1963. This outline begins with the publication of Toward a Quaker View of Sex in 1963. At the time, this pamphlet was quite controversial and received an unusual amount of press coverage due to its candor in dealing with sexuality, its call for a "new morality," and its straight-forward (for its time) chapter on homosexuality. It was published by the Friends Home Service Committee of London Yearly Meeting for an unofficial group of Quakers with nonetheless impressive credentials. It effectively opened the subject of sex for discussion throughout the Society of Friends.
1960s. The early 60s were also the years of the civil rights movement here in the United Sates. Many Quakers and many homosexuals were deeply involved in the movement and were persuaded by Martin Luther King's thinking on the subjects of justice, equality and civil rights. The effect of the civil rights, the feminist, and the anti-Vietnam war movements on the gay/lesbian rights movement cannot be underestimated. Much of our leadership was trained by those times, as is evident in the philosophy, tactics and organization of many gay rights organizations.

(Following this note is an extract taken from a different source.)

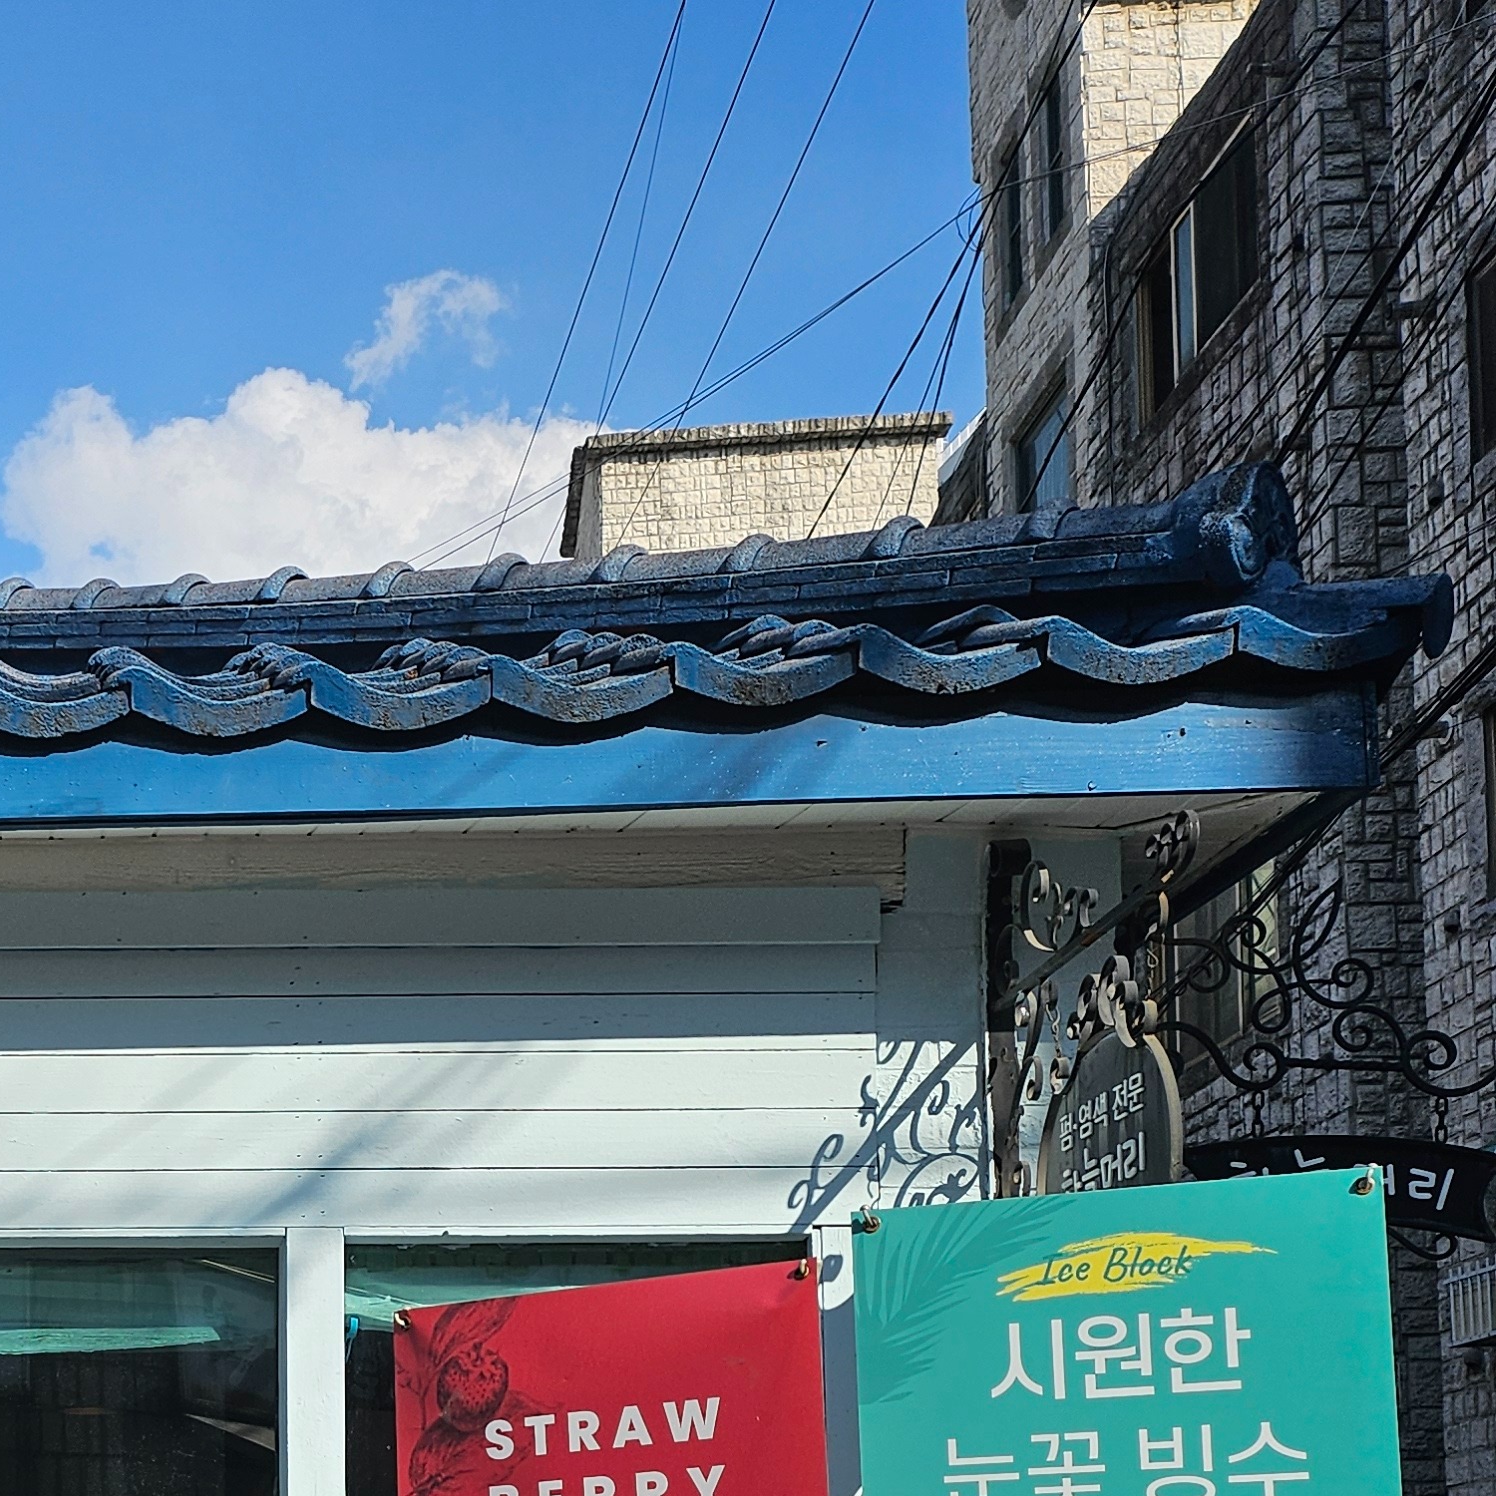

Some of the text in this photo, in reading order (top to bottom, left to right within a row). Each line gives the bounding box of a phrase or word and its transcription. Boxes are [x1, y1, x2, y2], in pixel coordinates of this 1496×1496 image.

Discriminatory laws based primarily on anti-homosexual theology made life for homosexuals difficult and often dangerous. Societal attitudes worked against the formation of stable relationships especially among homosexuals. Heterosexual marriage was often used by gay men as a way to hide the truth and thus protect their careers. It was also often touted as a "cure". With the facade of respectability in place, many homosexuals went to gay bars to meet other homosexuals for sex on the side. As patrons usually could not afford to have their names discovered, they were particularly vulnerable to police abuse. Bars were often raided by police when a politician or police chief wanted some news coverage at election time. Patrons, no matter how badly mishandled, were usually unwilling to make any protest.
1969. In 1969 the New York City police raided a bar called the Stonewall. Instead of the usual acquiescing patrons, they were confronted with a group of drag-queens who threw bricks and fought back. Stonewall thus became a rallying cry for the movement. Inspired by this insurrection, more and more homosexuals were motivated to come out; gay pride parades were held and the media gave more attention to homosexuals.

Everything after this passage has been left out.